• [Exercise objective]:
Each entry must be copied exactly, without omission.

• [Available data]:
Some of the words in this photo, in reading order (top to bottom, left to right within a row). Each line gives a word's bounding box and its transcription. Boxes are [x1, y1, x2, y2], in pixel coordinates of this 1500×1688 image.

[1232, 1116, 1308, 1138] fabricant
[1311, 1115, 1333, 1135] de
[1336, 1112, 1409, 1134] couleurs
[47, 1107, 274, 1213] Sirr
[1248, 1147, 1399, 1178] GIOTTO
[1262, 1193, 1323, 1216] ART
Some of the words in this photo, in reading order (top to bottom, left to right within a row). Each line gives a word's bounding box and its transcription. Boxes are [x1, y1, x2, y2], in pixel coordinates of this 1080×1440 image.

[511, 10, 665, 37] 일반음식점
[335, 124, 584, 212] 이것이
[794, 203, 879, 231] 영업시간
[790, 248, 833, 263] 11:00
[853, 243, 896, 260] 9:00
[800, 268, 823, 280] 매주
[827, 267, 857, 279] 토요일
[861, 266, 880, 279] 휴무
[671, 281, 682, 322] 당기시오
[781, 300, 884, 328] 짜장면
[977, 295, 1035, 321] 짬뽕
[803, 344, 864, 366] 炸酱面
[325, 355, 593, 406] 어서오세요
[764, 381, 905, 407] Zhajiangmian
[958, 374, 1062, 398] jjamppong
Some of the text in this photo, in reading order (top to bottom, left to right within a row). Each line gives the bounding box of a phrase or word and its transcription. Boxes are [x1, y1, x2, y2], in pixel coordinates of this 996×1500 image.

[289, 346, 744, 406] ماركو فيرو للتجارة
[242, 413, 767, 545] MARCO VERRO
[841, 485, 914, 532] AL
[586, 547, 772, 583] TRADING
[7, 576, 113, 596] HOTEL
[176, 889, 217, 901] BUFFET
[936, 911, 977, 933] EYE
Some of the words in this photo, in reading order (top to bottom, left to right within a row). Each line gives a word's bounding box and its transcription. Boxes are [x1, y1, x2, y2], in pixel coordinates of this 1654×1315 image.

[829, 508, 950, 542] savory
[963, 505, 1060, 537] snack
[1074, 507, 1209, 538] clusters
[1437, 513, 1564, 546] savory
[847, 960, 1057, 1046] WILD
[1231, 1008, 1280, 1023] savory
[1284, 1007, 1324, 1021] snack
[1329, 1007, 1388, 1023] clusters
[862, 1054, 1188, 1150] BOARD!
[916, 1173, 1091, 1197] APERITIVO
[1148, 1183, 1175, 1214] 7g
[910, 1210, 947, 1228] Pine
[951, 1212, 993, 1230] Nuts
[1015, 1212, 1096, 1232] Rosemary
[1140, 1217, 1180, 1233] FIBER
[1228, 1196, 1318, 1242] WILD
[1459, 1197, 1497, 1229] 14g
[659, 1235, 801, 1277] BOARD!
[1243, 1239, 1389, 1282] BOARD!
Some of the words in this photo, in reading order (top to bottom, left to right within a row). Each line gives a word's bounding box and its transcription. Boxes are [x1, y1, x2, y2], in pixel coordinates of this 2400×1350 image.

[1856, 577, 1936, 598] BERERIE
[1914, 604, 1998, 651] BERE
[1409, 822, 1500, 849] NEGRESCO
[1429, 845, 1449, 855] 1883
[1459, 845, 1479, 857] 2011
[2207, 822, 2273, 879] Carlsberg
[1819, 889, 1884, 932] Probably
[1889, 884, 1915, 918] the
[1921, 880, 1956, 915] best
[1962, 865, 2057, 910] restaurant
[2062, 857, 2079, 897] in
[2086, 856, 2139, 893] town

• [Expected answer]:
Some of the words in this photo, in reading order (top to bottom, left to right within a row). Each line gives a word's bounding box and its transcription. Boxes are [x1, y1, x2, y2], in pixel coordinates of this 1500×1688 image.

[1232, 1116, 1308, 1138] fabricant
[1311, 1115, 1333, 1135] de
[1336, 1112, 1409, 1134] couleurs
[47, 1107, 274, 1213] Sirr
[1248, 1147, 1399, 1178] GIOTTO
[1262, 1193, 1323, 1216] ART
Some of the words in this photo, in reading order (top to bottom, left to right within a row). Each line gives a word's bounding box and its transcription. Boxes are [x1, y1, x2, y2], in pixel coordinates of this 1080×1440 image.

[511, 10, 665, 37] 일반음식점
[335, 124, 584, 212] 이것이
[794, 203, 879, 231] 영업시간
[790, 248, 833, 263] 11:00
[853, 243, 896, 260] 9:00
[800, 268, 823, 280] 매주
[827, 267, 857, 279] 토요일
[861, 266, 880, 279] 휴무
[671, 281, 682, 322] 당기시오
[781, 300, 884, 328] 짜장면
[977, 295, 1035, 321] 짬뽕
[803, 344, 864, 366] 炸酱面
[325, 355, 593, 406] 어서오세요
[764, 381, 905, 407] Zhajiangmian
[958, 374, 1062, 398] jjamppong
Some of the text in this photo, in reading order (top to bottom, left to right within a row). Each line gives the bounding box of a phrase or word and its transcription. Boxes are [x1, y1, x2, y2], in pixel coordinates of this 996×1500 image.

[289, 346, 744, 406] ماركو فيرو للتجارة
[242, 413, 767, 545] MARCO VERRO
[841, 485, 914, 532] AL
[586, 547, 772, 583] TRADING
[7, 576, 113, 596] HOTEL
[176, 889, 217, 901] BUFFET
[936, 911, 977, 933] EYE
Some of the words in this photo, in reading order (top to bottom, left to right within a row). Each line gives a word's bounding box and its transcription. Boxes are [x1, y1, x2, y2], in pixel coordinates of this 1654×1315 image.

[829, 508, 950, 542] savory
[963, 505, 1060, 537] snack
[1074, 507, 1209, 538] clusters
[1437, 513, 1564, 546] savory
[847, 960, 1057, 1046] WILD
[1231, 1008, 1280, 1023] savory
[1284, 1007, 1324, 1021] snack
[1329, 1007, 1388, 1023] clusters
[862, 1054, 1188, 1150] BOARD!
[916, 1173, 1091, 1197] APERITIVO
[1148, 1183, 1175, 1214] 7g
[910, 1210, 947, 1228] Pine
[951, 1212, 993, 1230] Nuts
[1015, 1212, 1096, 1232] Rosemary
[1140, 1217, 1180, 1233] FIBER
[1228, 1196, 1318, 1242] WILD
[1459, 1197, 1497, 1229] 14g
[659, 1235, 801, 1277] BOARD!
[1243, 1239, 1389, 1282] BOARD!
Some of the words in this photo, in reading order (top to bottom, left to right within a row). Each line gives a word's bounding box and its transcription. Boxes are [x1, y1, x2, y2], in pixel coordinates of this 2400×1350 image.

[1856, 577, 1936, 598] BERERIE
[1914, 604, 1998, 651] BERE
[1409, 822, 1500, 849] NEGRESCO
[1429, 845, 1449, 855] 1883
[1459, 845, 1479, 857] 2011
[2207, 822, 2273, 879] Carlsberg
[1819, 889, 1884, 932] Probably
[1889, 884, 1915, 918] the
[1921, 880, 1956, 915] best
[1962, 865, 2057, 910] restaurant
[2062, 857, 2079, 897] in
[2086, 856, 2139, 893] town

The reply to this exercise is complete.